Shuriks Picks, February 2011


Fiction

Riddle Child by Annelie Botes, Viking, $18.00


One in 100 U.S. children has an autism spectrum disorder (ASD), and the rate appears to be growing. Cause and treatment remain unknown. A recent study shows a correlation between autism and closely spaced births. Controversy has swirled around its link to vaccines. Now Andrew Wakefield, the main proponent of vaccines as the culprit theory, is accused of fraud by the medical establishment and allegedly received $680,000 from Richard Barr, a lawyer “looking for lawsuits.”


Riddle Child tackles the story beyond the cold statistic. It starts with the suspicious death of Alexander, an autistic nine-year-old boy. After a harrowing interrogation, police arrest his mother Ingrid Dorfling, convinced she murdered him. But did she? Set in South Africa, the novel chronicles the stress suffered by middle class parents of a severely handicapped child living in a small town that lacks support services. When experts fail to provide answers, Ingrid’s obsession to care for Alexander intensifies and leads to tragic consequences. Although she loves him, he rejects her. His bizarre and violent behavior drives away family members and acquaintances and leaves her isolated, exhausted, and in financial trouble. Only the elderly, colored housekeeper Miriam Slangveld remains. Central to the denouement is the strong bond between Ingrid and Miriam that transcends their differences in age, race, religion, and socioeconomic status.

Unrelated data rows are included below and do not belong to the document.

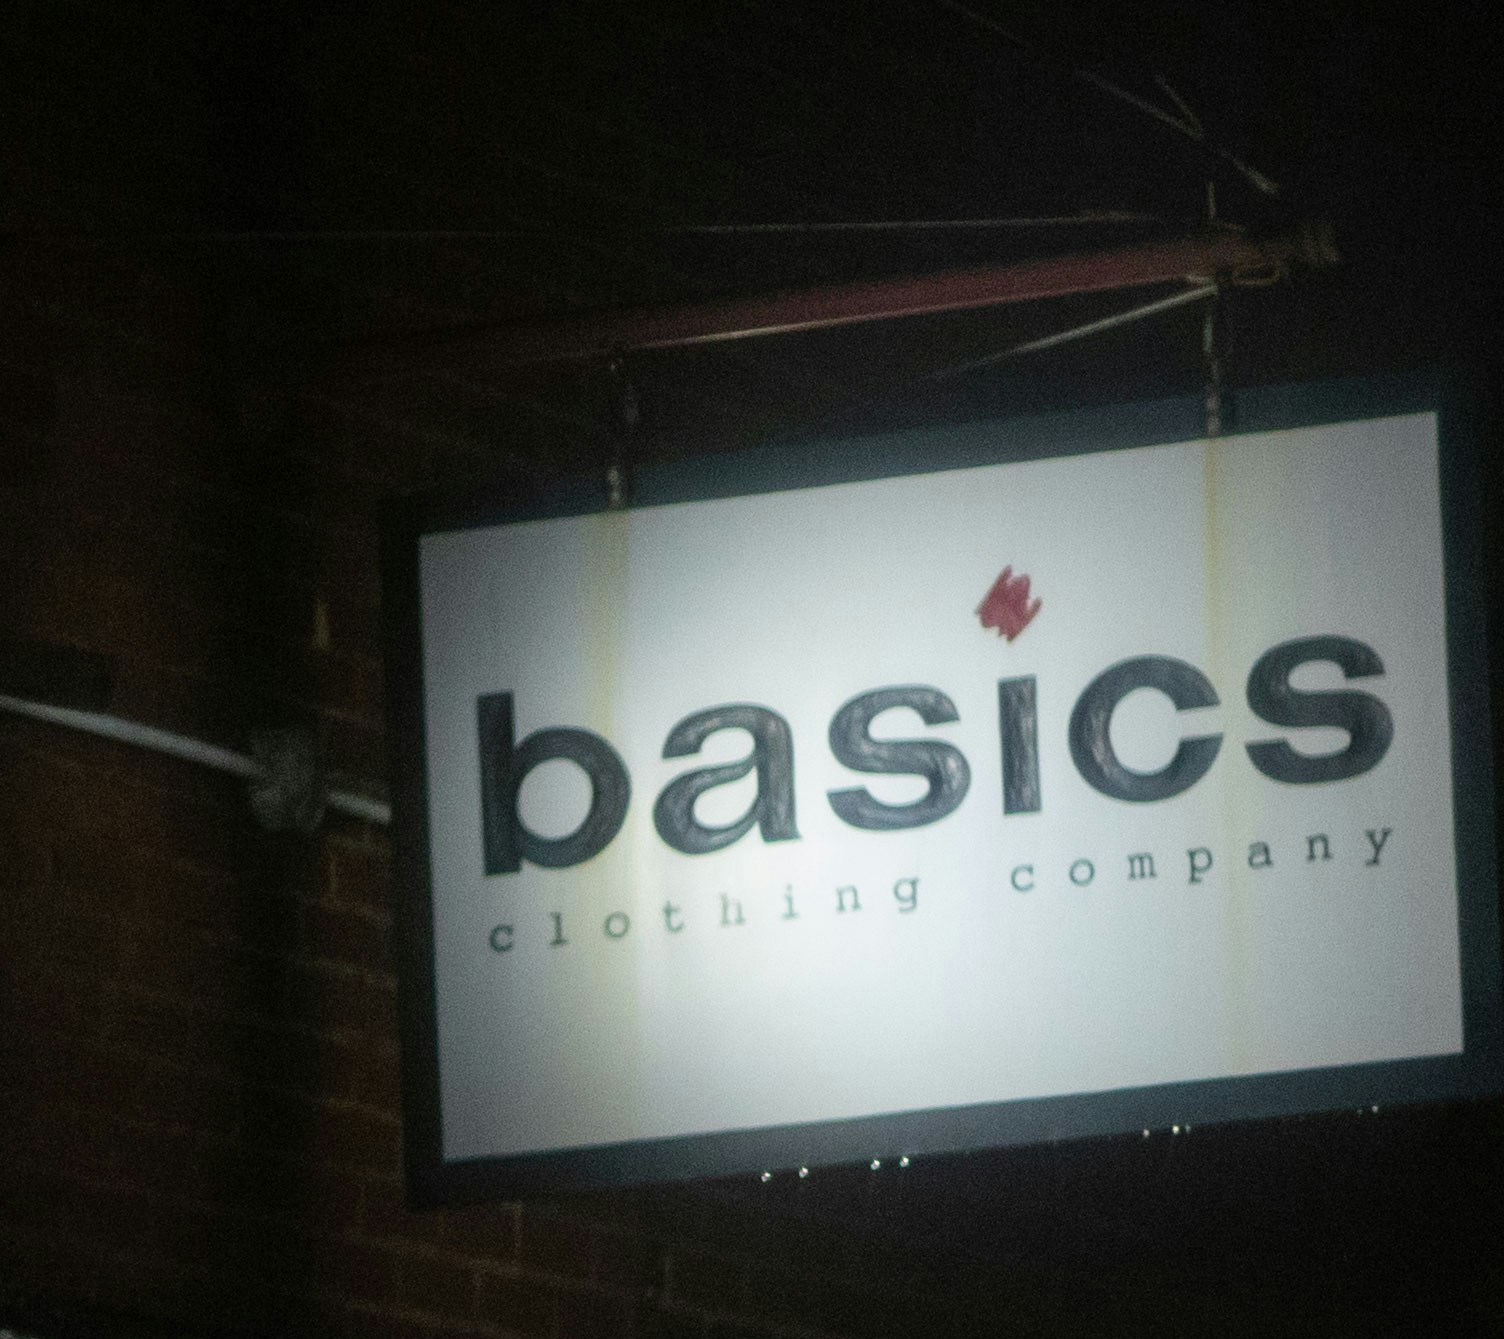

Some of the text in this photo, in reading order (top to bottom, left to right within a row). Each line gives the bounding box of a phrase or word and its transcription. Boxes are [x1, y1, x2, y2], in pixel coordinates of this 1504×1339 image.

[476, 564, 1395, 877] basics
[488, 825, 1394, 954] clothing company
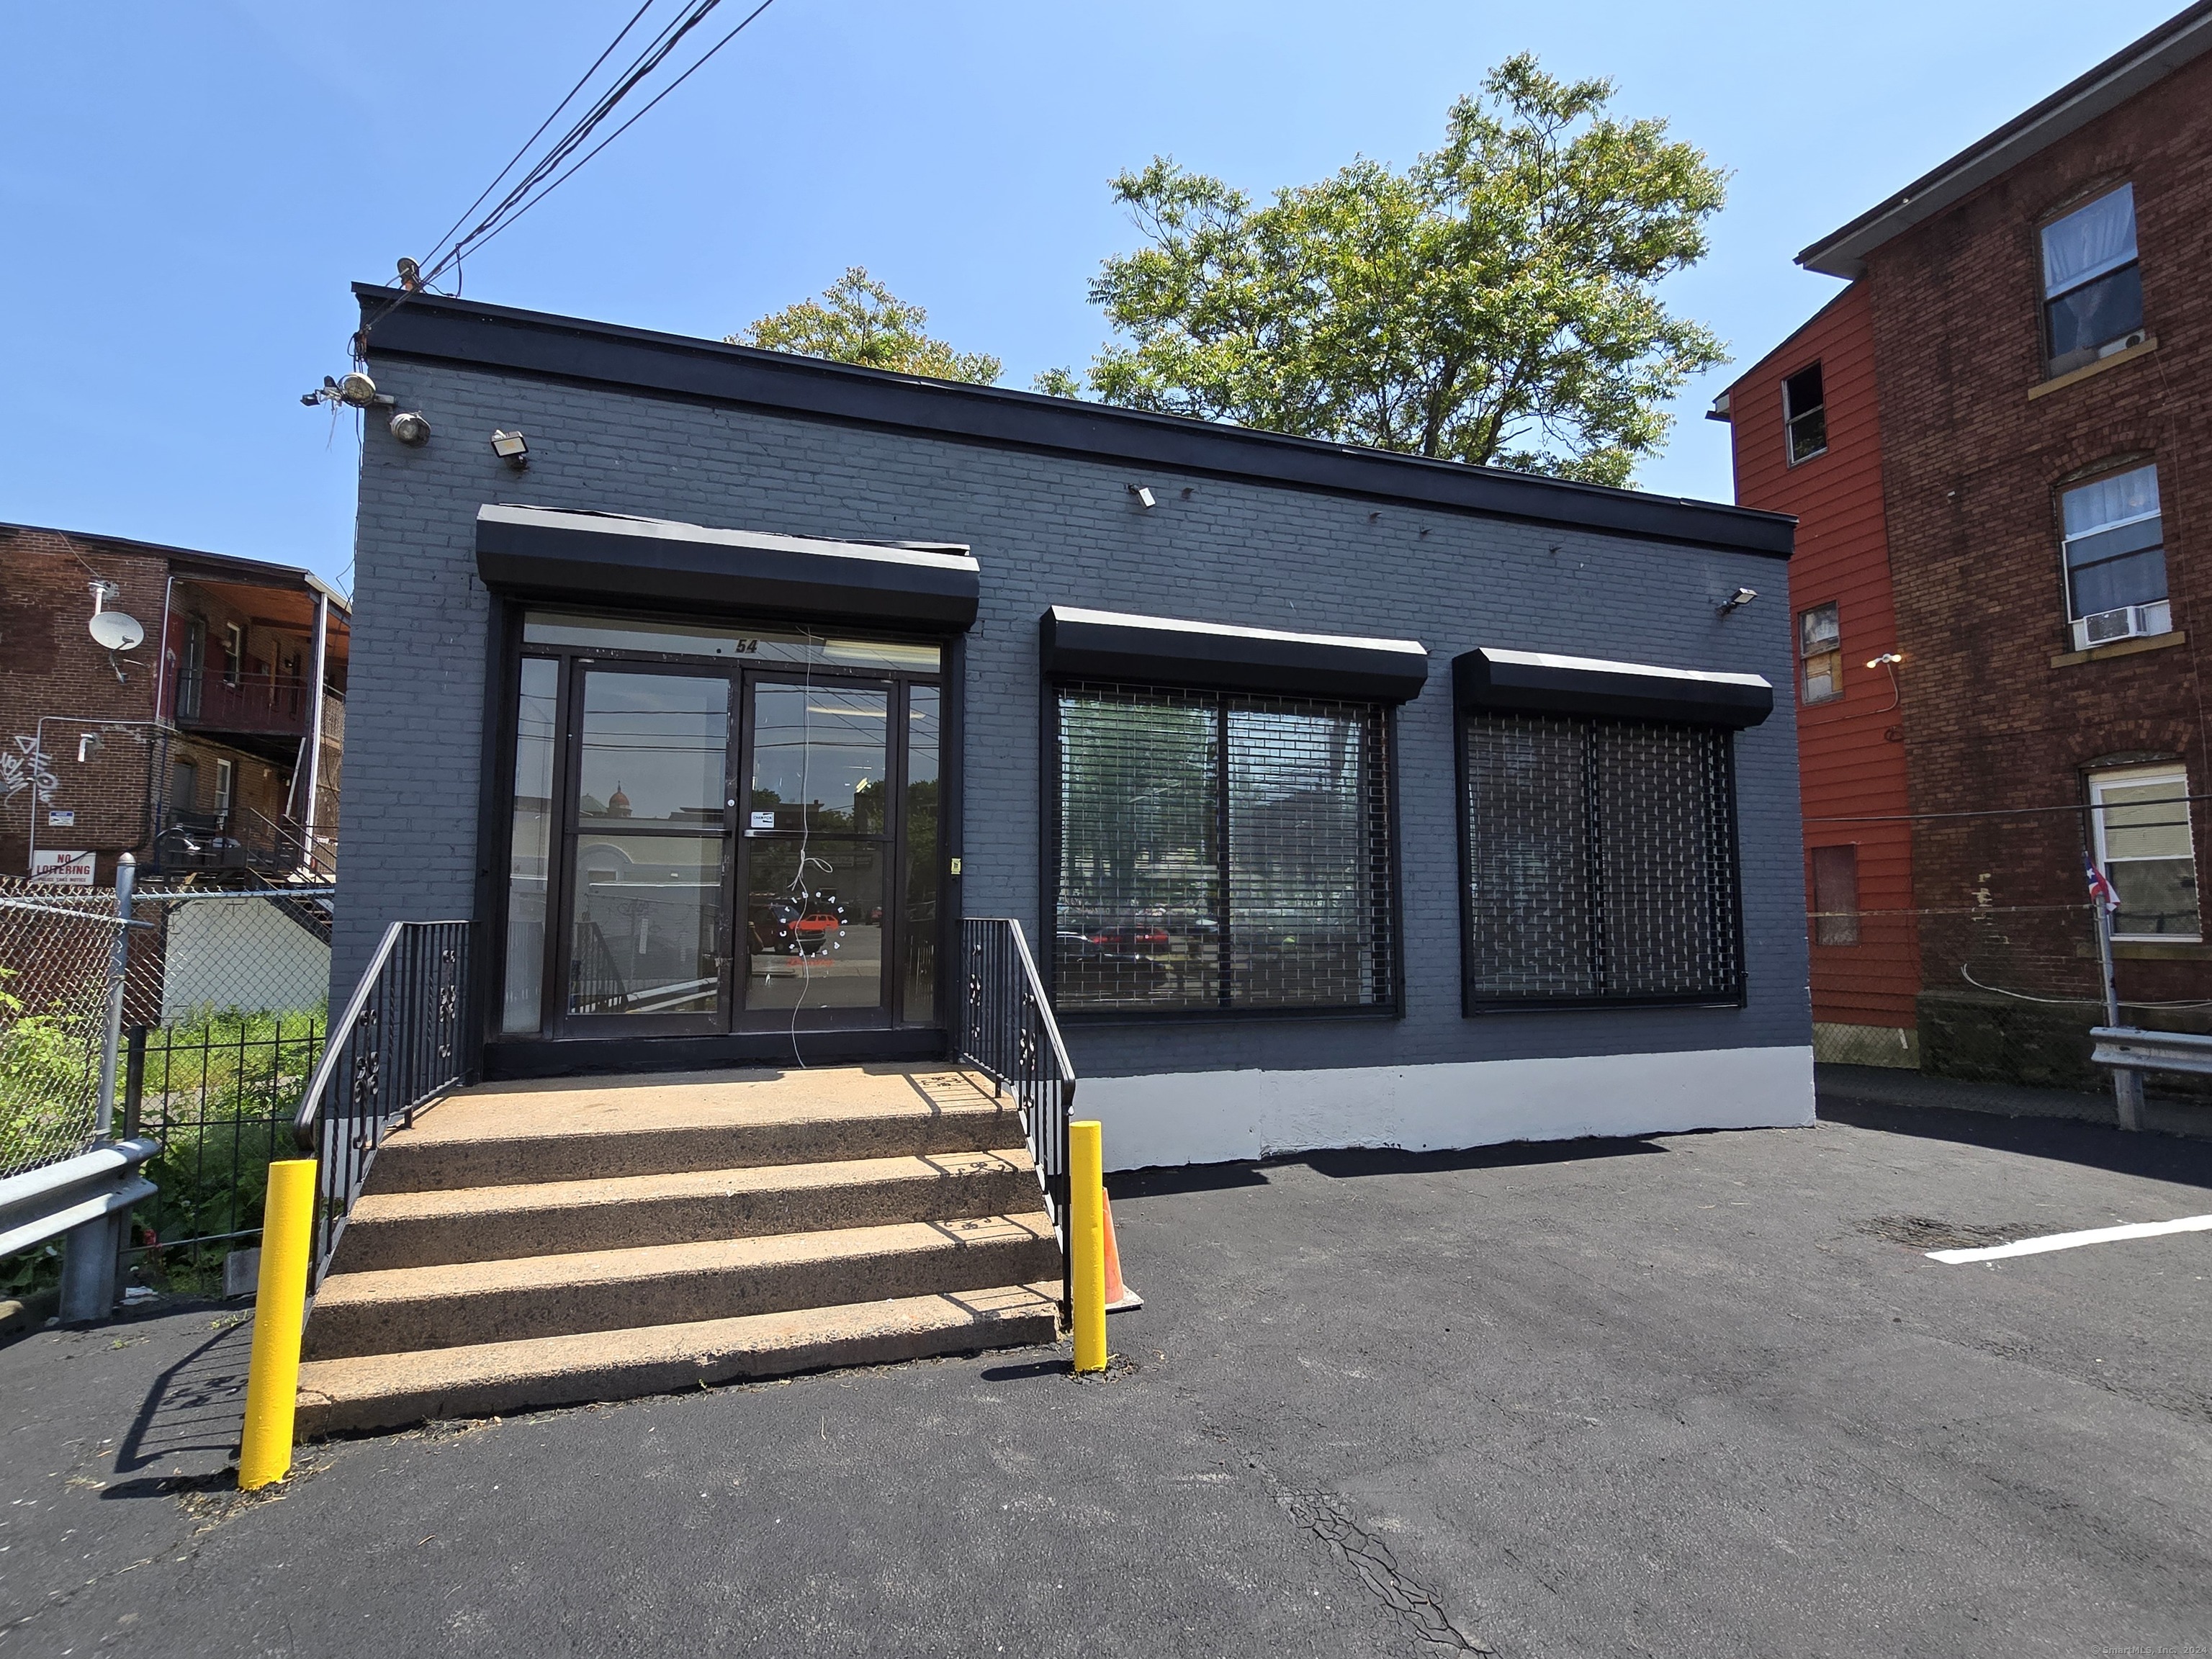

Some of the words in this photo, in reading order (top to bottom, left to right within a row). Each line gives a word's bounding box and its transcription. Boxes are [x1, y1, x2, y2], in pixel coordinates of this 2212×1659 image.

[736, 639, 758, 653] 54
[58, 854, 71, 863] NO
[37, 866, 90, 875] LOITERING
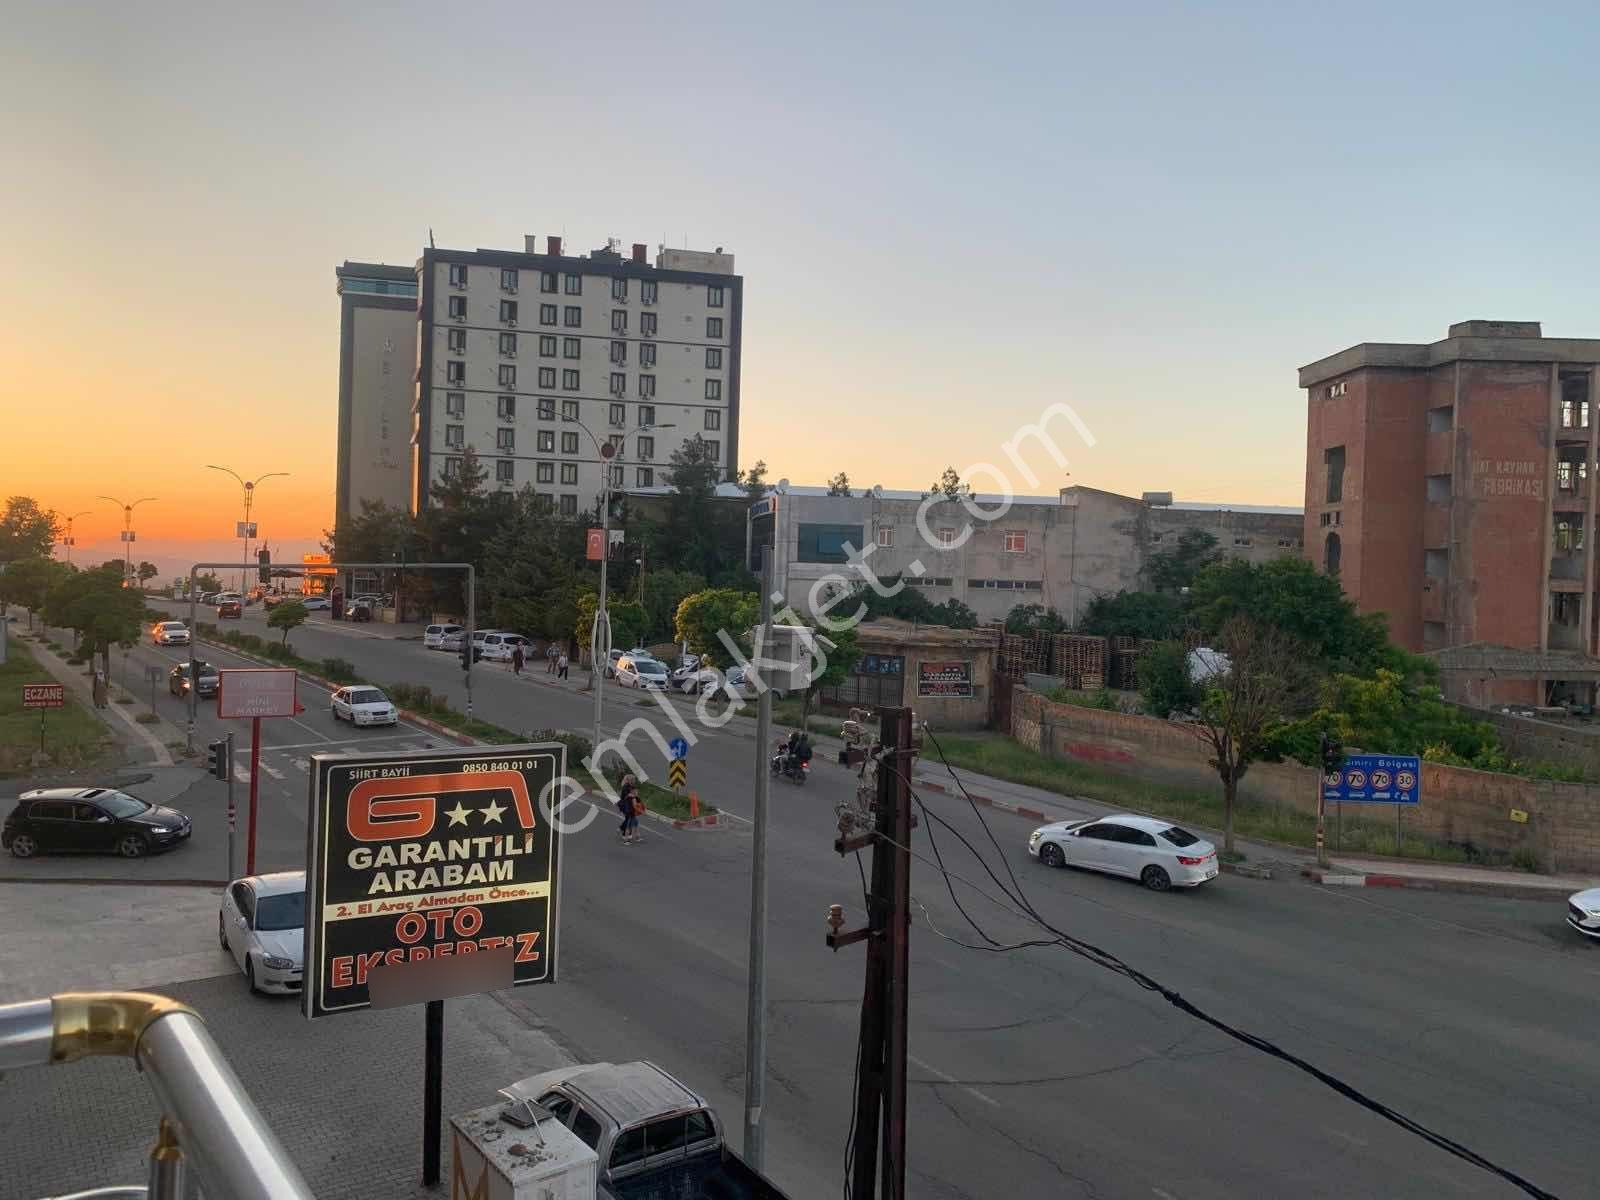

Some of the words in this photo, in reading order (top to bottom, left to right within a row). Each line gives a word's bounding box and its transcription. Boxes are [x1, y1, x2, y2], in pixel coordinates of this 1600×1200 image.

Annelie Botes has created an unforgettable literary mystery. The writing is exquisite, the characters superbly drawn. She captures the toll severe autism can take and Western societies‘ shortcomings in dealing with the problem.


Nonfiction

The Lost Dogs: Michael Vick’s Dogs and Their Tale of Rescue and Redemption by Jim Gorant, Gotham Books, $26.00


Michael Vick ran a sadistic dogfighting operation, Bad Newz Kennels. Dogs who failed to meet his standards were beaten to death, hanged, and/or electrocuted. An associate wanted to give away these dogs, but Vick insisted they be killed. In trying to close down the operation, investigators faced unexpected roadblocks from the foulmouthed Surry County (VA) Commonwealth’s Attorney Gerald Poindexter, and they had to turn to the Feds. After lengthy foot-dragging by Poindexter, they raided the kennels and seized 51 pit bulls. Although pressured to kill these dogs, the investigators sought ways to save them. In the end, only a couple had to be put down, one bitch because she was too weak to survive from overbreeding done with the use of a rape stand.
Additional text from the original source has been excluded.